- Work required -
Skip the pictures and return every entry exactly as written.

- Source records -
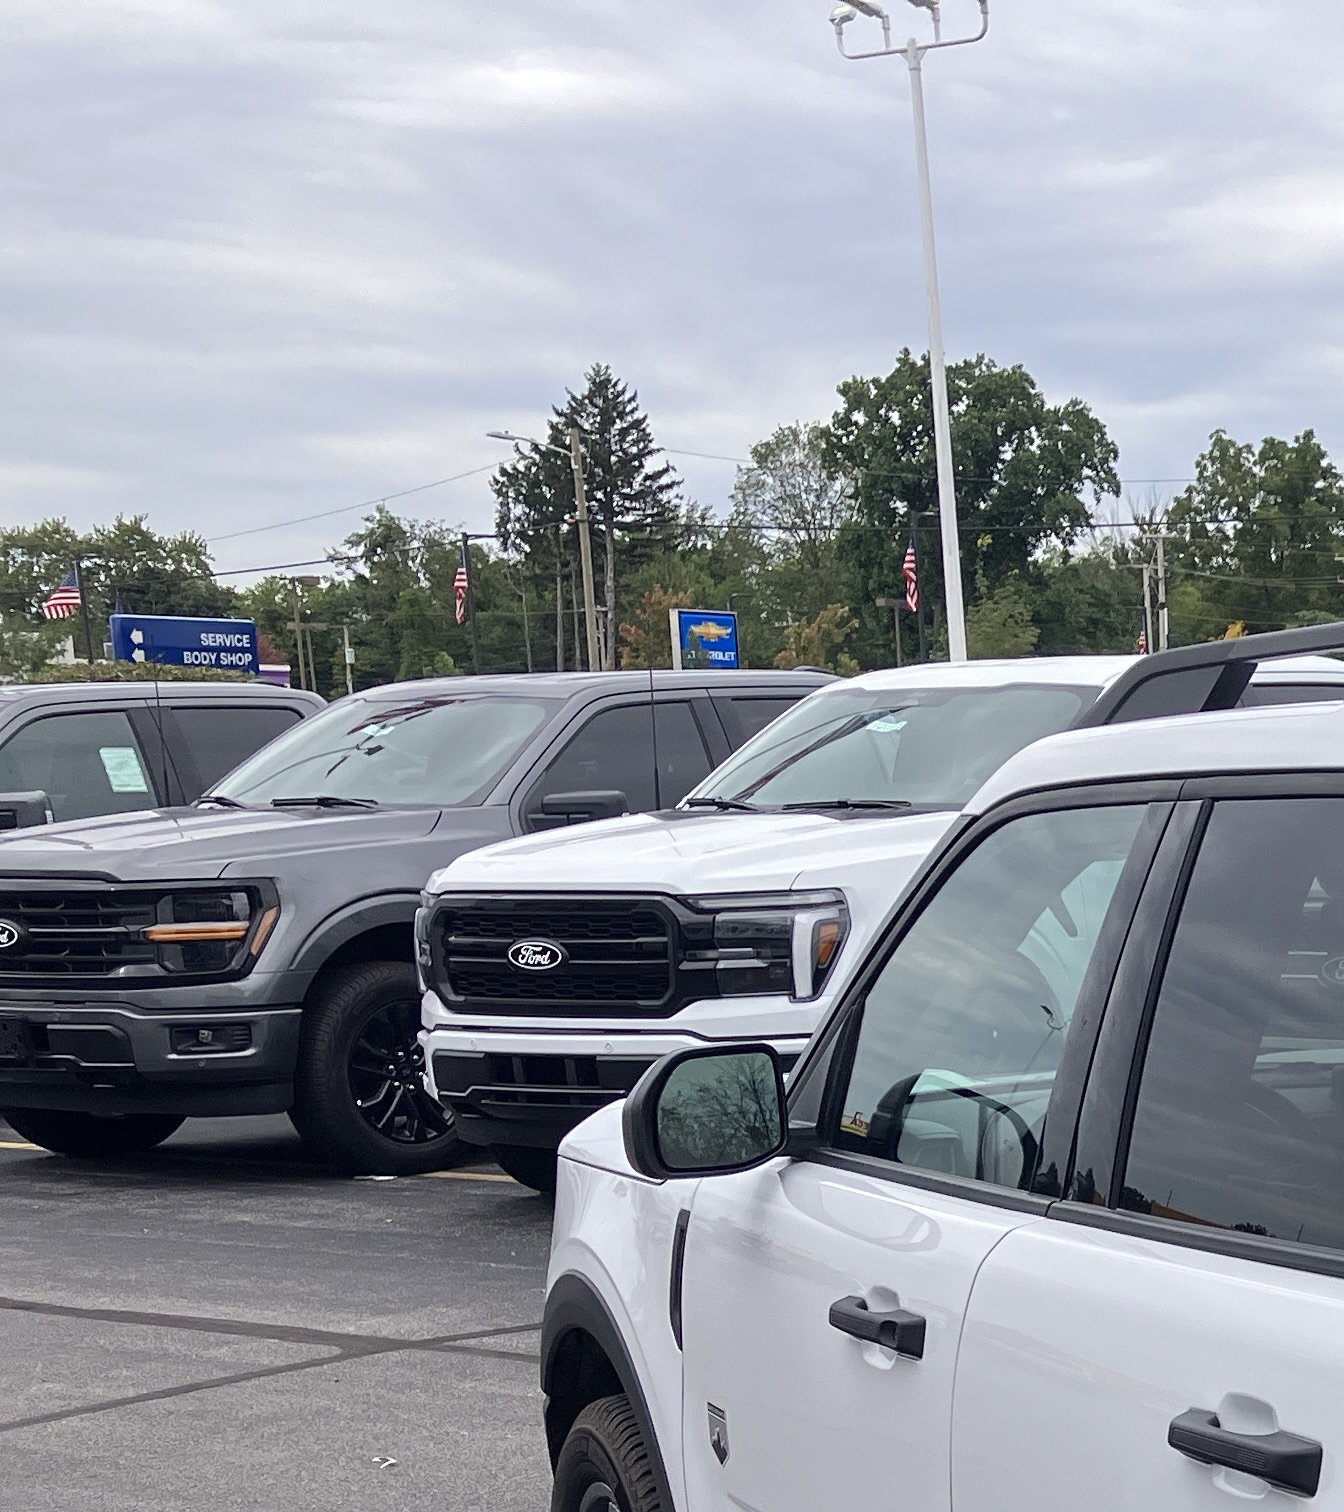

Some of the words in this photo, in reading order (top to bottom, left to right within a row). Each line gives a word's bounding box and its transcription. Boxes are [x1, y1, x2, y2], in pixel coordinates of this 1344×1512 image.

[200, 633, 251, 647] SERVICE
[183, 652, 217, 665] BODY
[219, 652, 253, 666] SHOP
[518, 945, 551, 965] Ford

- Task answer -
Some of the words in this photo, in reading order (top to bottom, left to right within a row). Each line gives a word's bounding box and its transcription. Boxes are [x1, y1, x2, y2], in pixel coordinates of this 1344×1512 image.

[200, 633, 251, 647] SERVICE
[183, 652, 217, 665] BODY
[219, 652, 253, 666] SHOP
[518, 945, 551, 965] Ford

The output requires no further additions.